» The task
Quote only the lines that start at the line with "this 1280×1280 image." and run to the end of the entries; omit the pictures.

» Extracted records
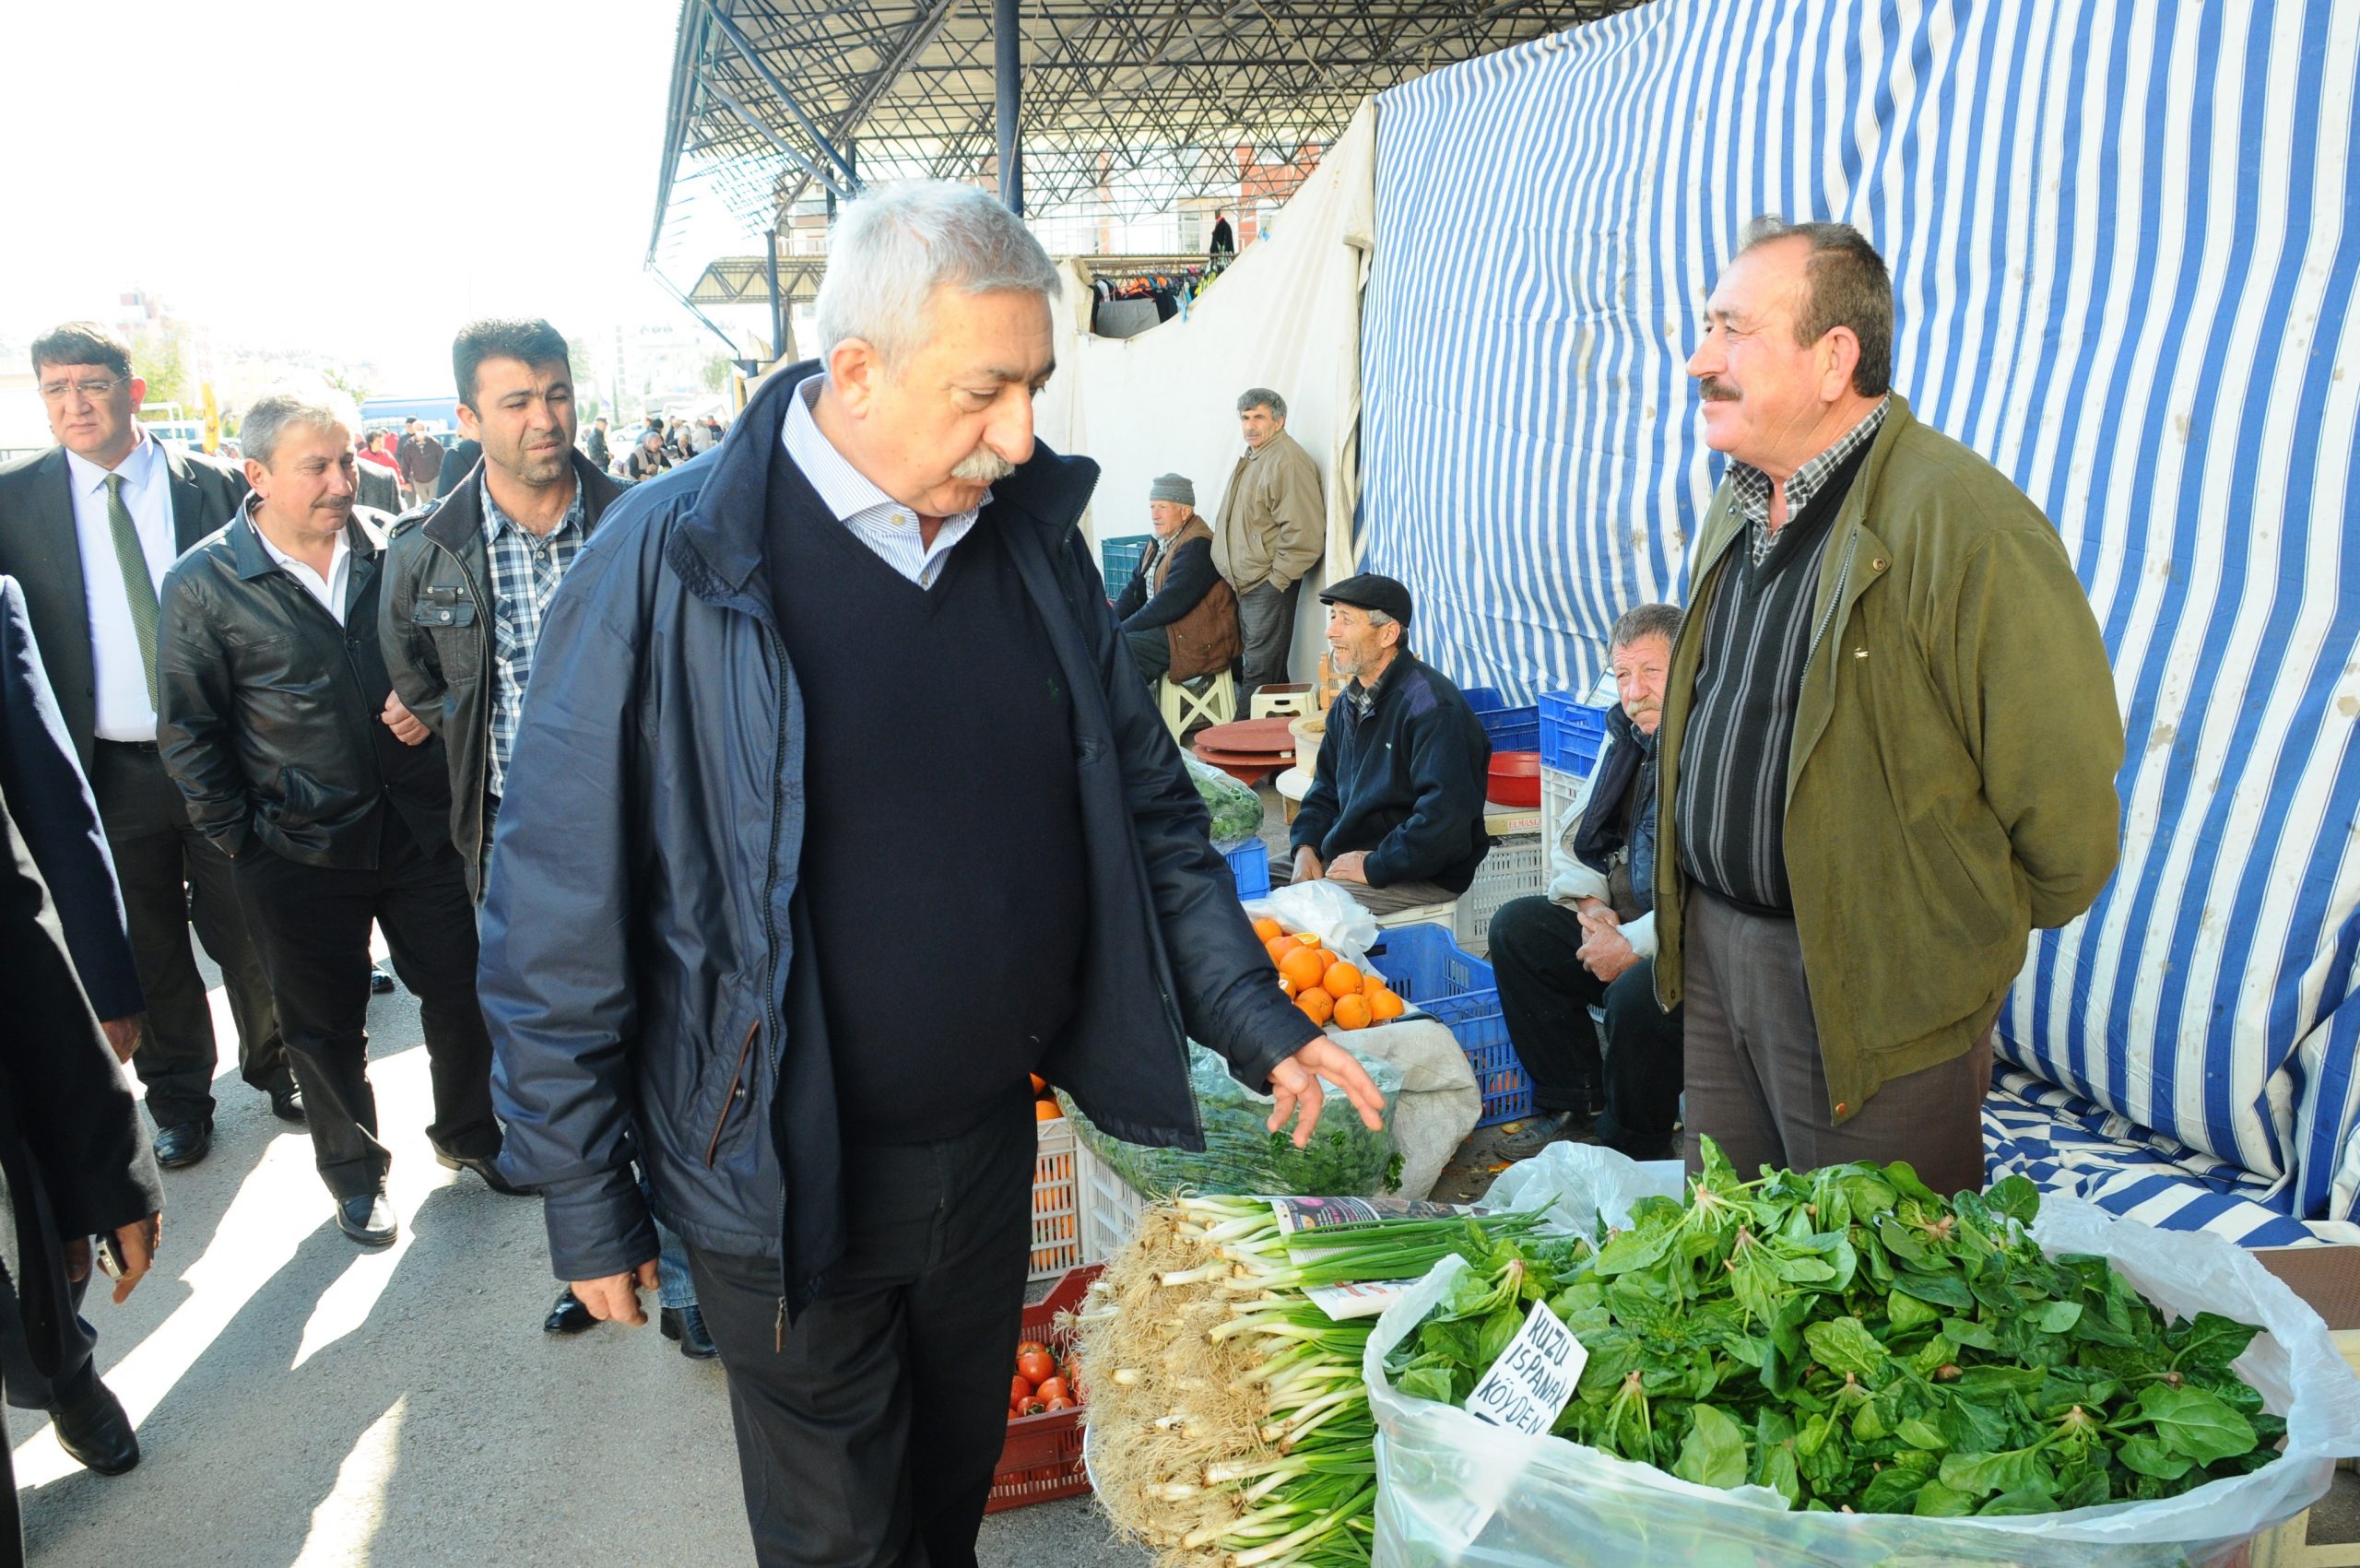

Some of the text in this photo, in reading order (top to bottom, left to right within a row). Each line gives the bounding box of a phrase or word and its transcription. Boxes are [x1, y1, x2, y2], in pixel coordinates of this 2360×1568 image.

[1528, 1308, 1570, 1367] KUZU
[1477, 1372, 1546, 1435] KÖYDEN
[1504, 1342, 1569, 1416] ISPANAK
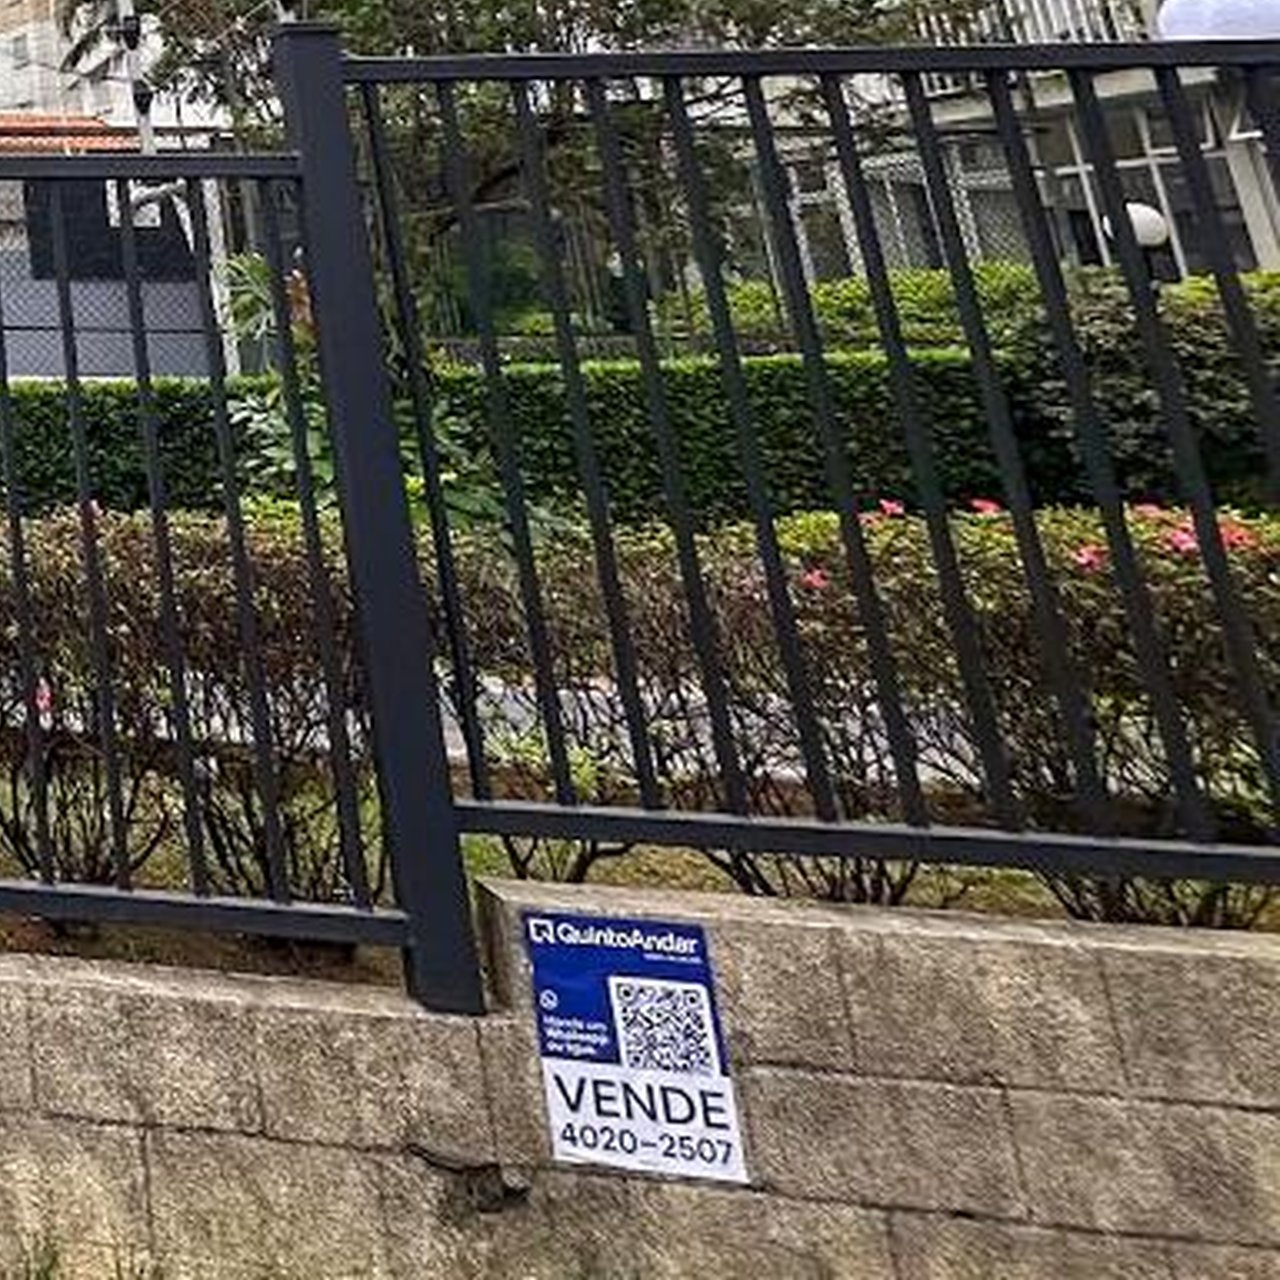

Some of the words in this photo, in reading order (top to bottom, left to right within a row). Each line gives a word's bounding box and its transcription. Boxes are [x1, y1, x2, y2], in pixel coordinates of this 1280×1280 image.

[557, 922, 699, 954] QuintoAndar
[554, 1074, 731, 1131] VENDE
[560, 1122, 732, 1165] 4020-2507
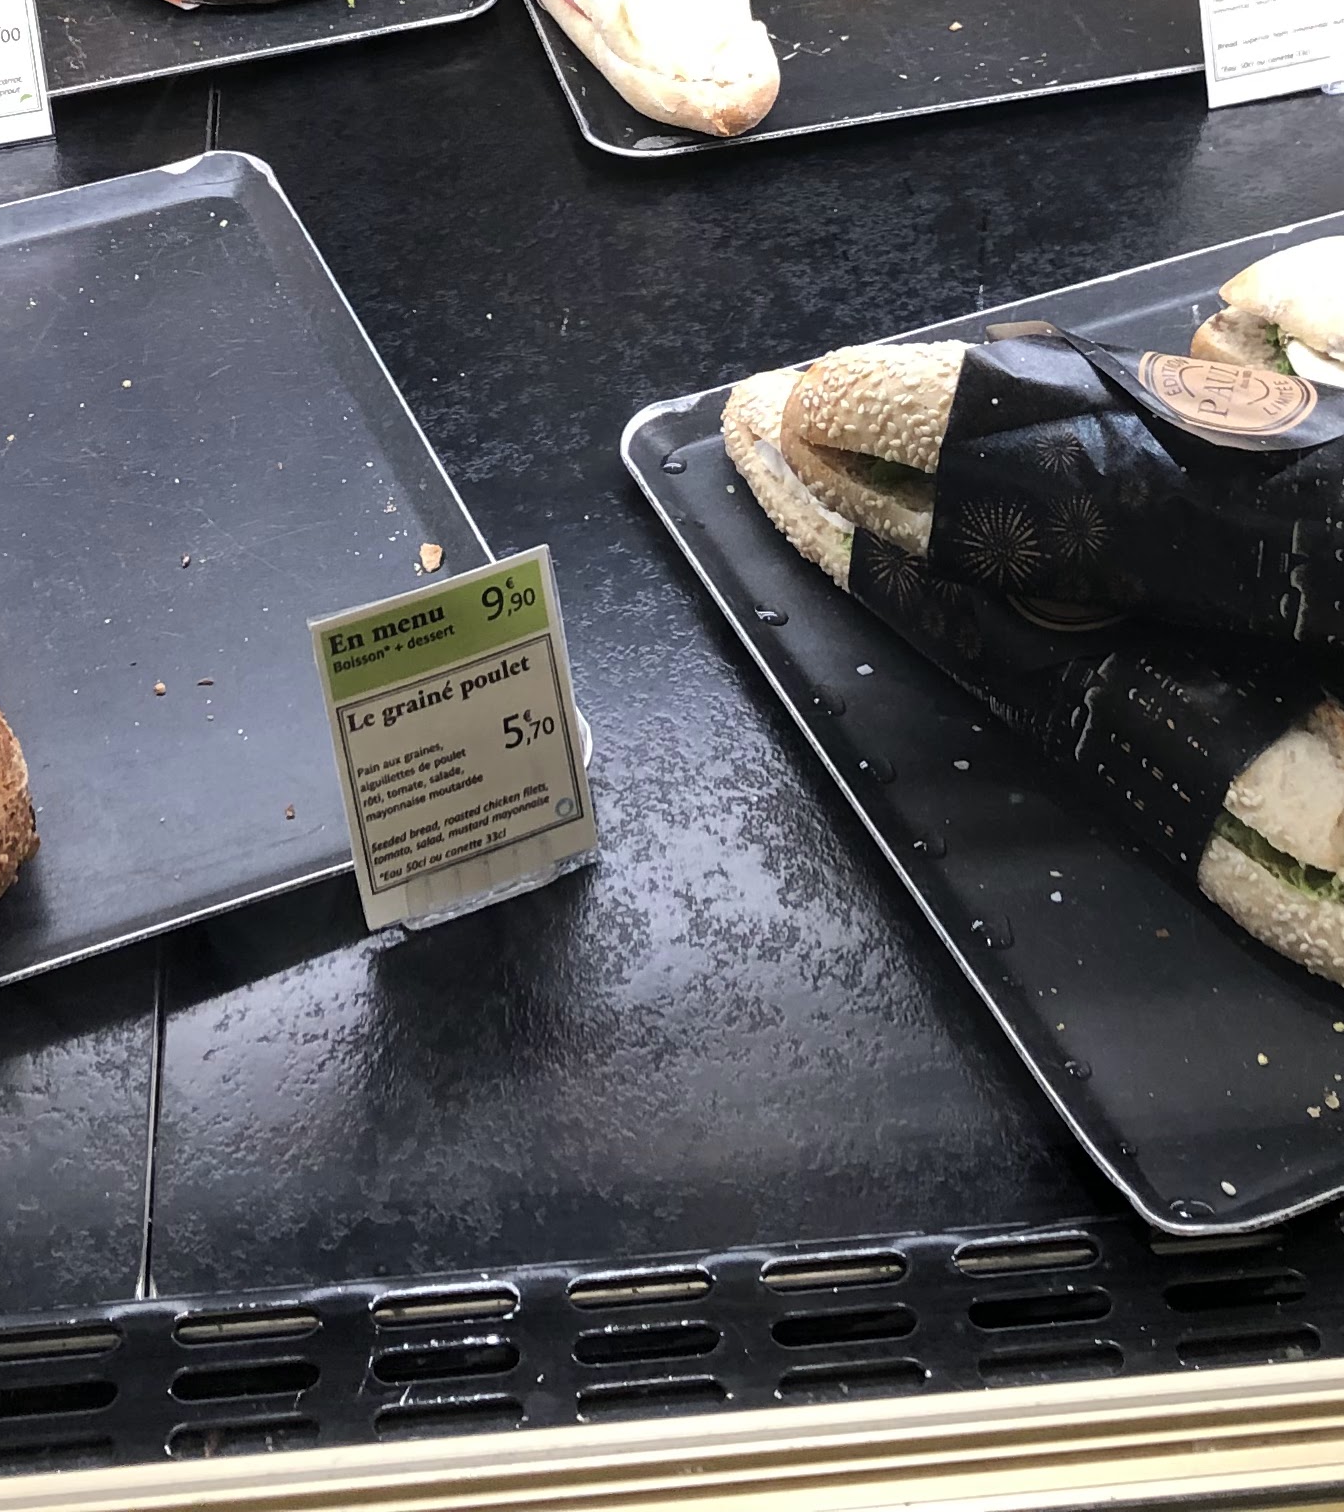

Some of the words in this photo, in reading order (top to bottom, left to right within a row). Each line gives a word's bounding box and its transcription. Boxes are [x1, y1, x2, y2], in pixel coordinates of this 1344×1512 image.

[1198, 365, 1240, 418] PAUL
[328, 630, 364, 657] En
[371, 604, 446, 643] menu
[407, 624, 455, 650] dessert
[347, 712, 375, 733] Le
[382, 681, 454, 729] grainé
[461, 655, 530, 701] poulet
[357, 762, 380, 779] Pain
[383, 756, 401, 770] aux
[404, 741, 444, 766] graines,
[359, 766, 416, 794] aiguillettes
[419, 760, 432, 773] de
[434, 748, 466, 771] poulet
[363, 792, 384, 808] rôti,
[387, 780, 426, 800] tomate,
[429, 767, 465, 789] salade,
[366, 794, 427, 823] mayonnaise
[429, 773, 484, 801] moutardée

» Your solution
Some of the words in this photo, in reading order (top to bottom, left to right within a row). Each line gives a word's bounding box and its transcription. Boxes are [x1, y1, x2, y2], in pixel coordinates of this 1280×1280 image.

[557, 922, 699, 954] QuintoAndar
[554, 1074, 731, 1131] VENDE
[560, 1122, 732, 1165] 4020-2507

Some of the words in this photo, in reading order (top to bottom, left to right within a row). Each line gives a word's bounding box and its transcription. Boxes are [x1, y1, x2, y2], in pixel coordinates of this 1344×1512 image.

[1198, 365, 1240, 418] PAUL
[328, 630, 364, 657] En
[371, 604, 446, 643] menu
[407, 624, 455, 650] dessert
[347, 712, 375, 733] Le
[382, 681, 454, 729] grainé
[461, 655, 530, 701] poulet
[357, 762, 380, 779] Pain
[383, 756, 401, 770] aux
[404, 741, 444, 766] graines,
[359, 766, 416, 794] aiguillettes
[419, 760, 432, 773] de
[434, 748, 466, 771] poulet
[363, 792, 384, 808] rôti,
[387, 780, 426, 800] tomate,
[429, 767, 465, 789] salade,
[366, 794, 427, 823] mayonnaise
[429, 773, 484, 801] moutardée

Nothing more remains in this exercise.